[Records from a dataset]
-- -- --

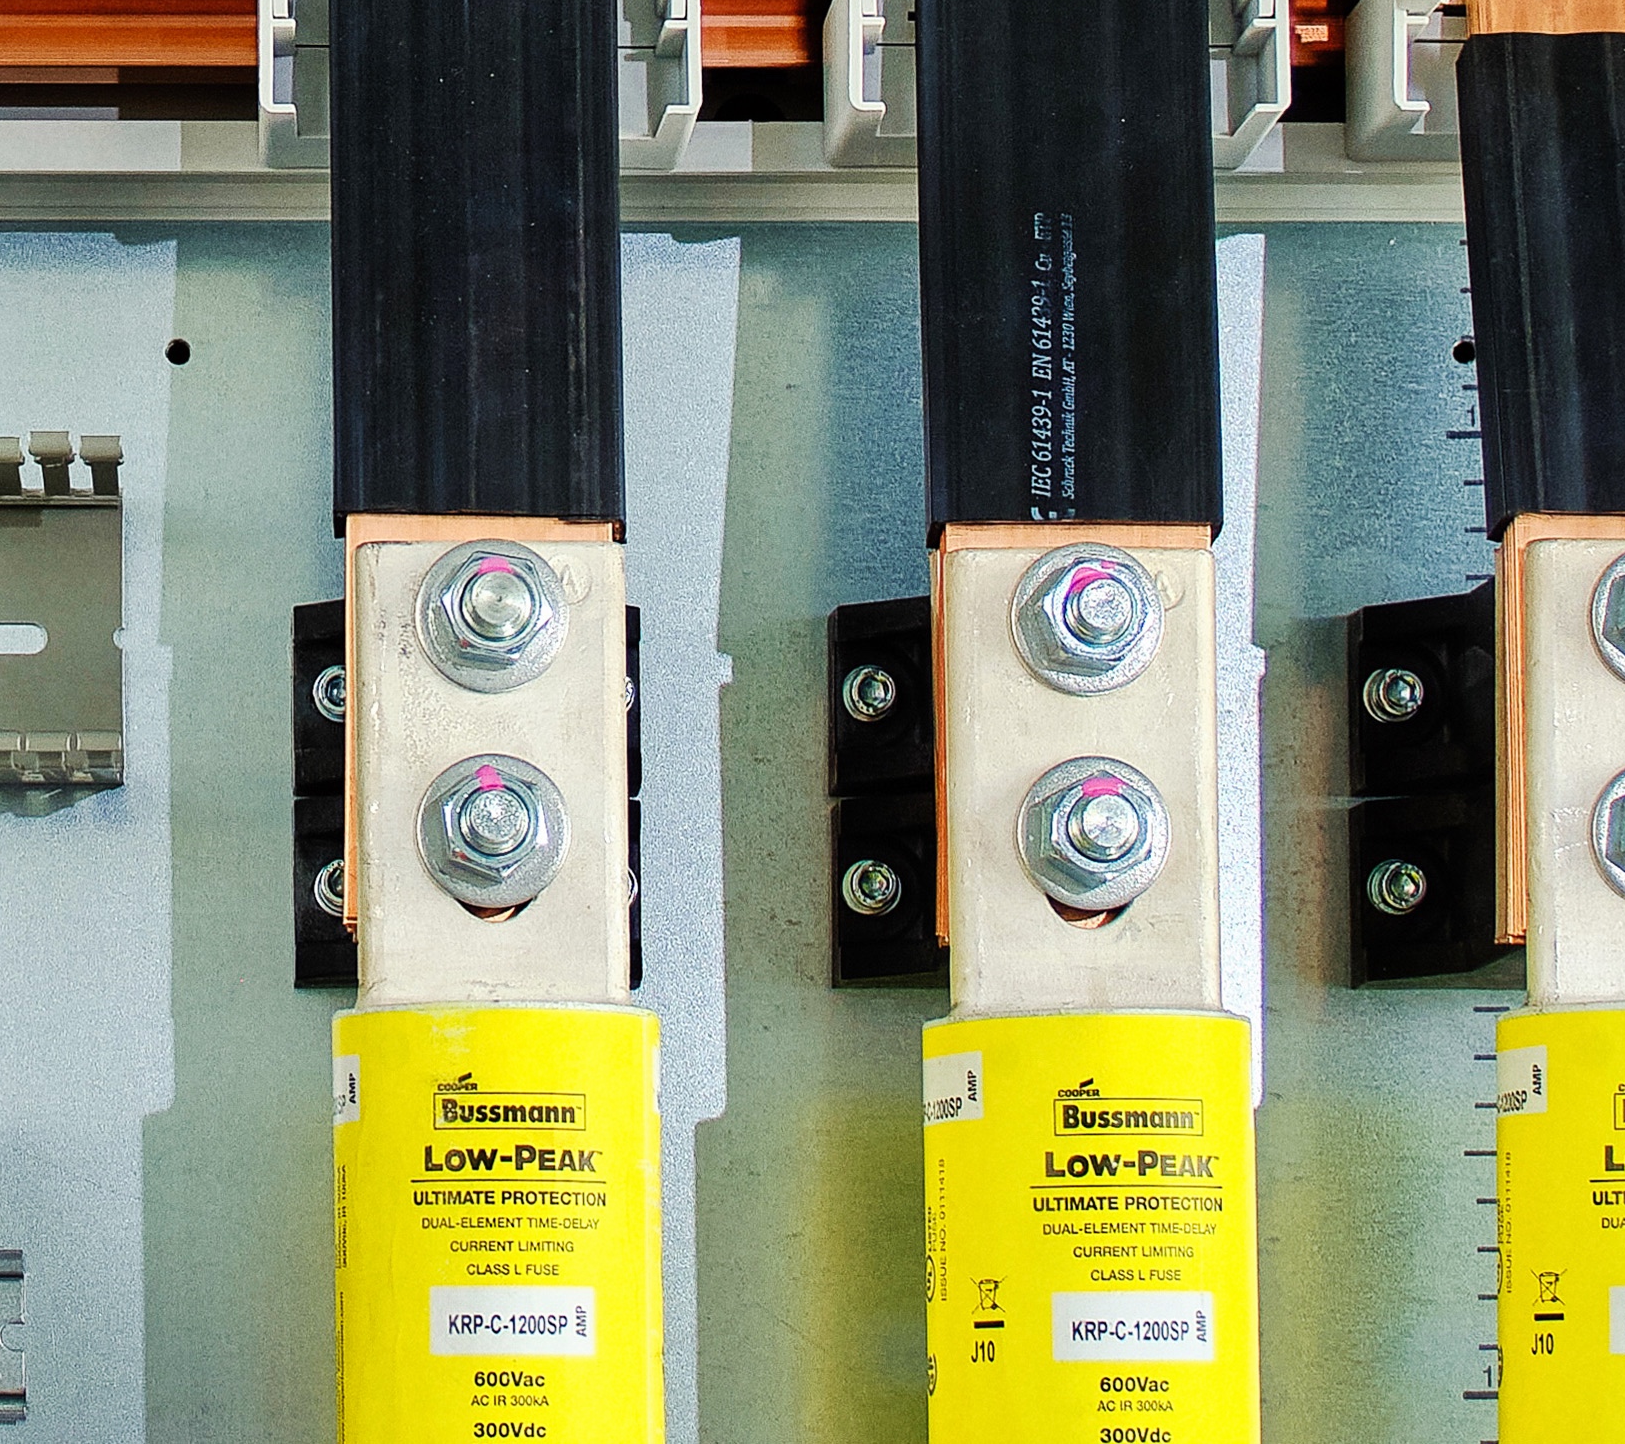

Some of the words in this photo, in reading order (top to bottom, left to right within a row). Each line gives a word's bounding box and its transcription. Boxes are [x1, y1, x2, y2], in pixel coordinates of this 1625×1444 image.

[1061, 323, 1076, 351] 1230
[1031, 352, 1052, 381] EN
[1031, 388, 1052, 461] 61439-1
[1061, 411, 1076, 453] Technik
[1031, 466, 1052, 498] IEC
[1061, 455, 1076, 499] Schrack
[438, 1081, 477, 1091] COOPER
[967, 1070, 978, 1102] AMP
[1532, 1063, 1542, 1095] AMP
[347, 1072, 357, 1104] AMP
[1057, 1088, 1100, 1098] COOPER
[413, 1190, 495, 1207] ULTIMATE
[500, 1190, 607, 1207] PROTECTION
[1032, 1197, 1119, 1213] ULTIMATE
[1125, 1197, 1223, 1213] PROTECTION
[421, 1216, 523, 1230] DUAL-ELEMENT
[527, 1216, 599, 1230] TIME-DELAY
[1043, 1222, 1146, 1236] DUAL-ELEMENT
[1149, 1222, 1217, 1236] TIME-DELAY
[450, 1240, 514, 1253] CURRENT
[518, 1240, 575, 1253] LIMITING
[1073, 1246, 1138, 1259] CURRENT
[1141, 1246, 1194, 1259] LIMITING
[466, 1263, 511, 1276] CLASS
[515, 1263, 521, 1276] L
[525, 1263, 559, 1276] FUSE
[1090, 1269, 1134, 1282] CLASS
[1138, 1269, 1145, 1282] L
[1149, 1269, 1182, 1282] FUSE
[448, 1314, 568, 1336] KRP-C-1200SP
[575, 1305, 588, 1338] AMP
[1071, 1319, 1190, 1341] KRP-C-1200SP
[1196, 1309, 1208, 1342] AMP
[971, 1340, 996, 1363] J10
[1530, 1332, 1555, 1356] J10
[473, 1371, 545, 1388] 600Vac
[1099, 1377, 1170, 1393] 600Vac
[471, 1394, 490, 1407] AC
[493, 1394, 507, 1407] IR
[511, 1394, 549, 1407] 300kA
[1097, 1400, 1116, 1412] AC
[1119, 1400, 1132, 1412] IR
[1136, 1400, 1173, 1412] 300kA
[473, 1422, 546, 1439] 300Vdc
[1099, 1428, 1171, 1444] 300Vdc
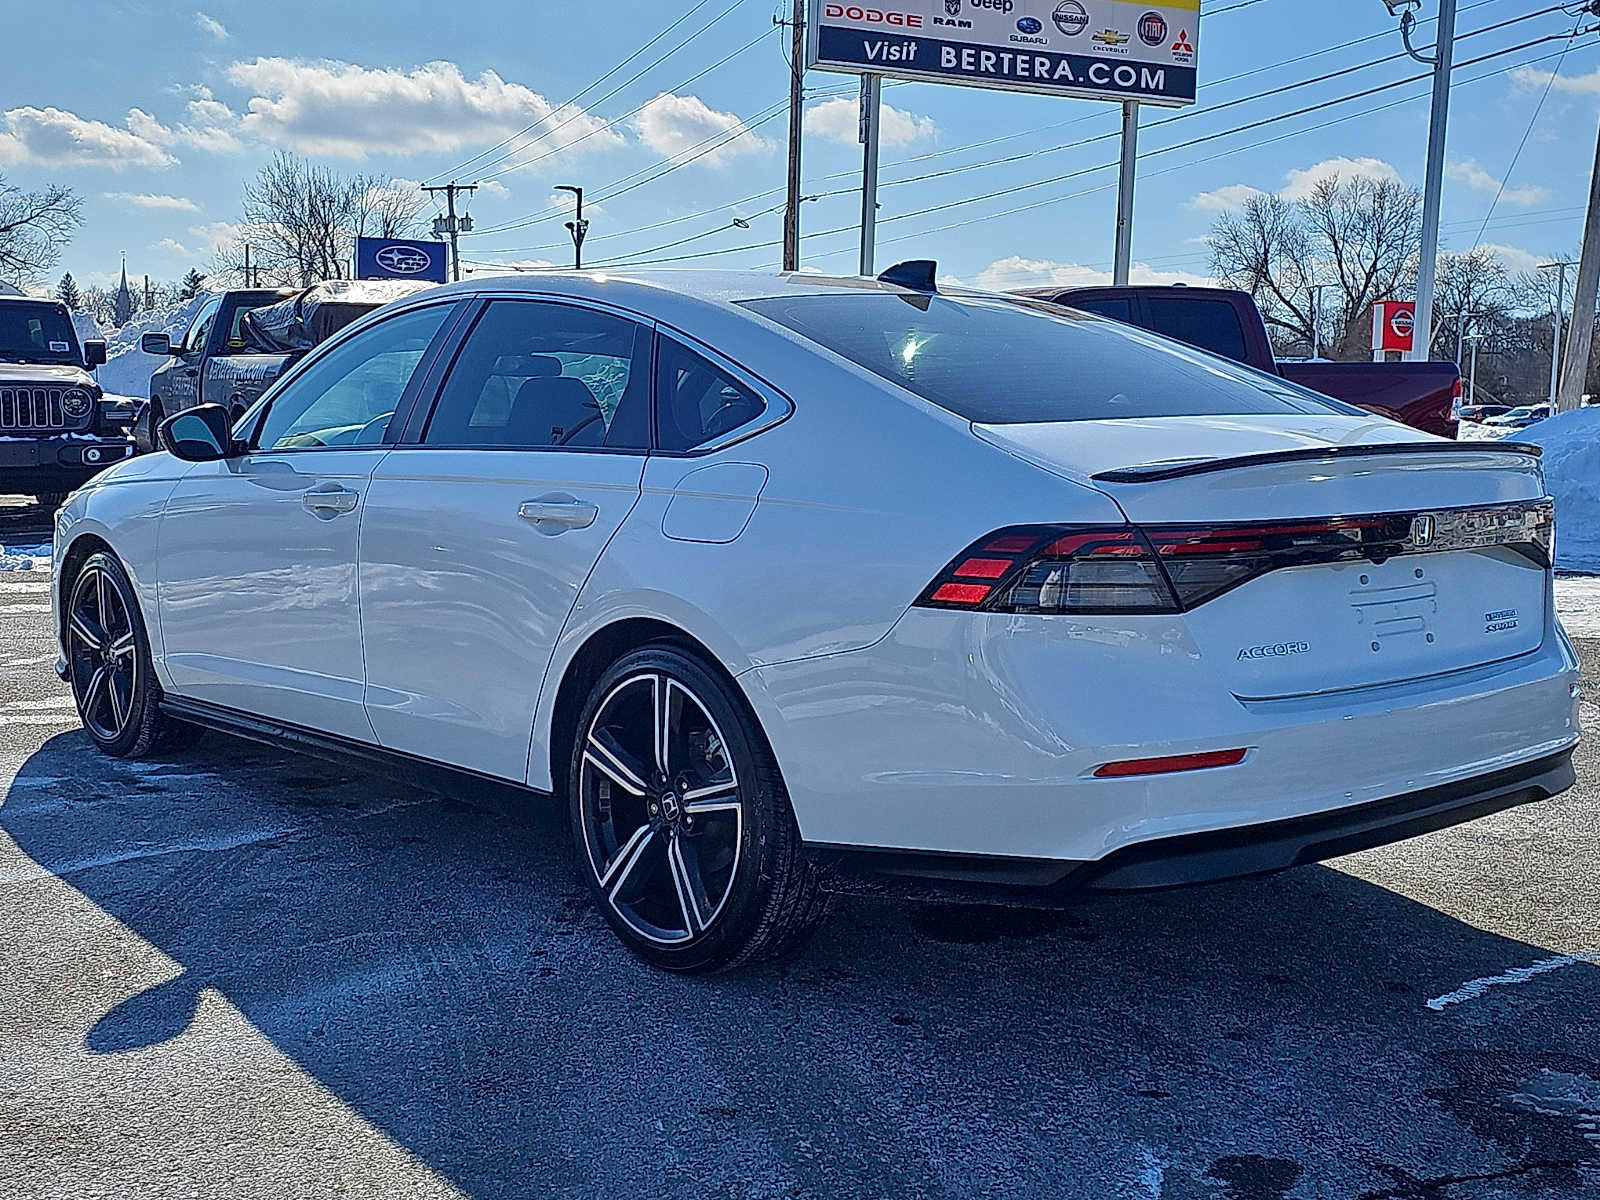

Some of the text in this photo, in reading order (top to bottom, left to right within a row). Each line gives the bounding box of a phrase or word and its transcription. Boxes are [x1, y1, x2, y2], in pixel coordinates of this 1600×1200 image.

-- -- --

Work to be completed: Take the entries above and restate them word for word, minus their images.

Solution for this task:
Some of the words in this photo, in reading order (top to bottom, left to right within a row). Each line gives a word's bounding box and its transcription. Boxes are [x1, y1, x2, y2], in pixel coordinates of this 1625×1444 image.

[1061, 323, 1076, 351] 1230
[1031, 352, 1052, 381] EN
[1031, 388, 1052, 461] 61439-1
[1061, 411, 1076, 453] Technik
[1031, 466, 1052, 498] IEC
[1061, 455, 1076, 499] Schrack
[438, 1081, 477, 1091] COOPER
[967, 1070, 978, 1102] AMP
[1532, 1063, 1542, 1095] AMP
[347, 1072, 357, 1104] AMP
[1057, 1088, 1100, 1098] COOPER
[413, 1190, 495, 1207] ULTIMATE
[500, 1190, 607, 1207] PROTECTION
[1032, 1197, 1119, 1213] ULTIMATE
[1125, 1197, 1223, 1213] PROTECTION
[421, 1216, 523, 1230] DUAL-ELEMENT
[527, 1216, 599, 1230] TIME-DELAY
[1043, 1222, 1146, 1236] DUAL-ELEMENT
[1149, 1222, 1217, 1236] TIME-DELAY
[450, 1240, 514, 1253] CURRENT
[518, 1240, 575, 1253] LIMITING
[1073, 1246, 1138, 1259] CURRENT
[1141, 1246, 1194, 1259] LIMITING
[466, 1263, 511, 1276] CLASS
[515, 1263, 521, 1276] L
[525, 1263, 559, 1276] FUSE
[1090, 1269, 1134, 1282] CLASS
[1138, 1269, 1145, 1282] L
[1149, 1269, 1182, 1282] FUSE
[448, 1314, 568, 1336] KRP-C-1200SP
[575, 1305, 588, 1338] AMP
[1071, 1319, 1190, 1341] KRP-C-1200SP
[1196, 1309, 1208, 1342] AMP
[971, 1340, 996, 1363] J10
[1530, 1332, 1555, 1356] J10
[473, 1371, 545, 1388] 600Vac
[1099, 1377, 1170, 1393] 600Vac
[471, 1394, 490, 1407] AC
[493, 1394, 507, 1407] IR
[511, 1394, 549, 1407] 300kA
[1097, 1400, 1116, 1412] AC
[1119, 1400, 1132, 1412] IR
[1136, 1400, 1173, 1412] 300kA
[473, 1422, 546, 1439] 300Vdc
[1099, 1428, 1171, 1444] 300Vdc

Some of the text in this photo, in reading order (top to bottom, left to right within a row). Each line gives the bounding box of a phrase or word and its transcription. Boxes are [x1, y1, x2, y2], in pixel coordinates of this 1600×1200 image.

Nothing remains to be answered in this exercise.